§ **WHAT THIS TASK INVOLVES**:
For this exercise, write out each entry below exactly, omitting the images.

(Collected data entries)
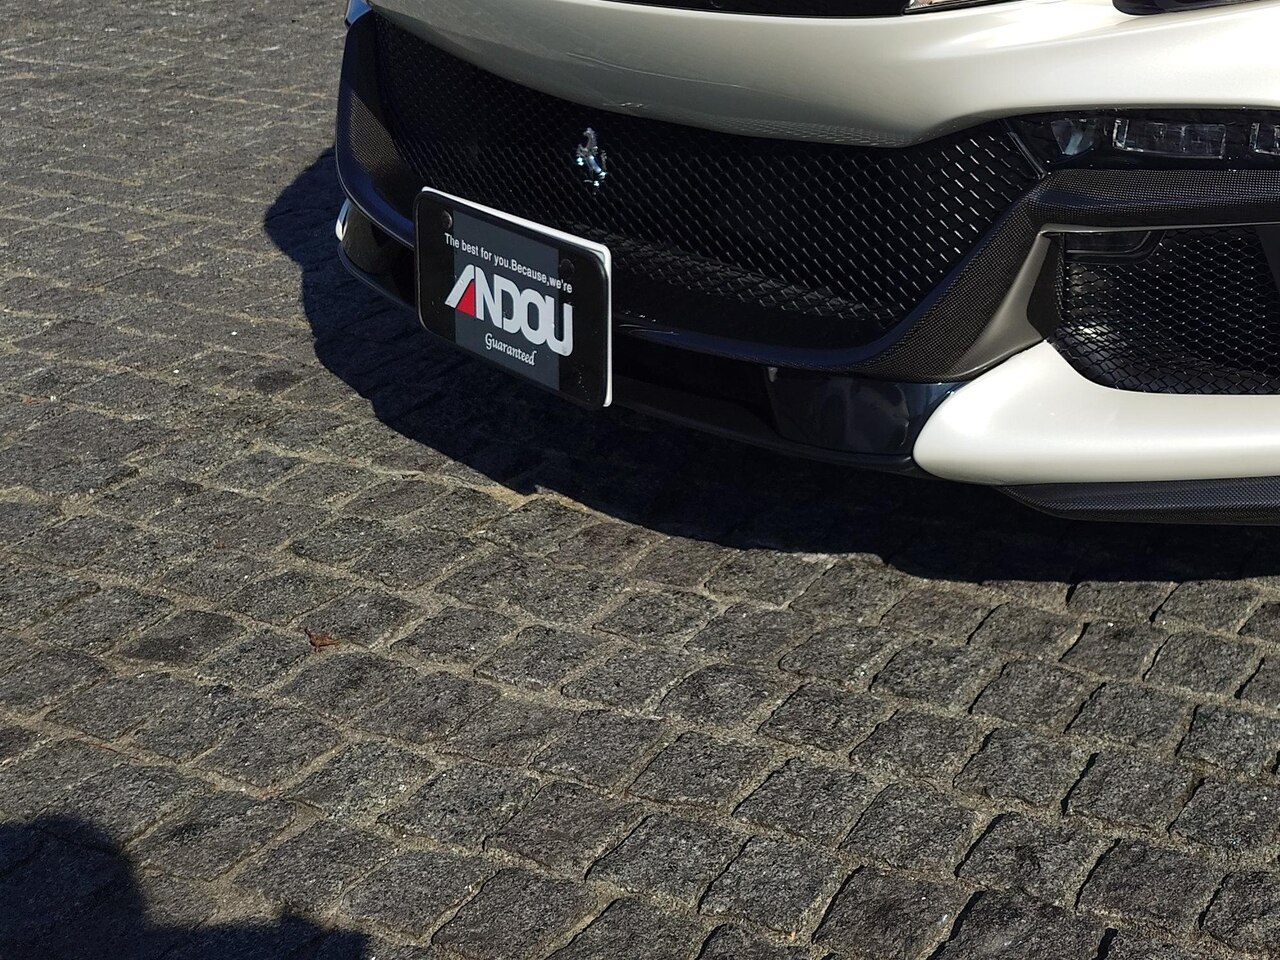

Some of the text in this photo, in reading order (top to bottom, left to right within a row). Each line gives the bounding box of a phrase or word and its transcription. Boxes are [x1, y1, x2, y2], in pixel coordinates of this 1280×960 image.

[444, 232, 460, 248] The
[461, 240, 479, 256] best
[480, 247, 492, 261] for
[444, 264, 573, 357] ANDOU
[484, 332, 537, 366] Guaranteed

§ **ANSWER**:
Some of the text in this photo, in reading order (top to bottom, left to right within a row). Each line gives the bounding box of a phrase or word and its transcription. Boxes are [x1, y1, x2, y2], in pixel coordinates of this 1280×960 image.

[444, 232, 460, 248] The
[461, 240, 479, 256] best
[480, 247, 492, 261] for
[444, 264, 573, 357] ANDOU
[484, 332, 537, 366] Guaranteed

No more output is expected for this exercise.